**Activity:** Your answer must match the material exactly, line for line.

□ □ □ □

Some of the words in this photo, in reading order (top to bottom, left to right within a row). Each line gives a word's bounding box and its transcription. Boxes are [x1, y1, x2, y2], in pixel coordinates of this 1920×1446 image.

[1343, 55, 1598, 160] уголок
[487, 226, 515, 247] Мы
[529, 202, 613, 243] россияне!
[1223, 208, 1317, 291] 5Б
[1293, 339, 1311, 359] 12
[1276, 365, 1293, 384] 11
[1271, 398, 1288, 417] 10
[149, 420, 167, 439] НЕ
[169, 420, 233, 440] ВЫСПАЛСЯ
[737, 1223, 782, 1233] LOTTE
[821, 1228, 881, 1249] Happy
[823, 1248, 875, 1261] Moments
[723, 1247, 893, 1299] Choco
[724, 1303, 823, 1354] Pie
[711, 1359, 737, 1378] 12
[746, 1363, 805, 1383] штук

□ □ □ □

**Answer section:**
Some of the words in this photo, in reading order (top to bottom, left to right within a row). Each line gives a word's bounding box and its transcription. Boxes are [x1, y1, x2, y2], in pixel coordinates of this 1920×1446 image.

[1343, 55, 1598, 160] уголок
[487, 226, 515, 247] Мы
[529, 202, 613, 243] россияне!
[1223, 208, 1317, 291] 5Б
[1293, 339, 1311, 359] 12
[1276, 365, 1293, 384] 11
[1271, 398, 1288, 417] 10
[149, 420, 167, 439] НЕ
[169, 420, 233, 440] ВЫСПАЛСЯ
[737, 1223, 782, 1233] LOTTE
[821, 1228, 881, 1249] Happy
[823, 1248, 875, 1261] Moments
[723, 1247, 893, 1299] Choco
[724, 1303, 823, 1354] Pie
[711, 1359, 737, 1378] 12
[746, 1363, 805, 1383] штук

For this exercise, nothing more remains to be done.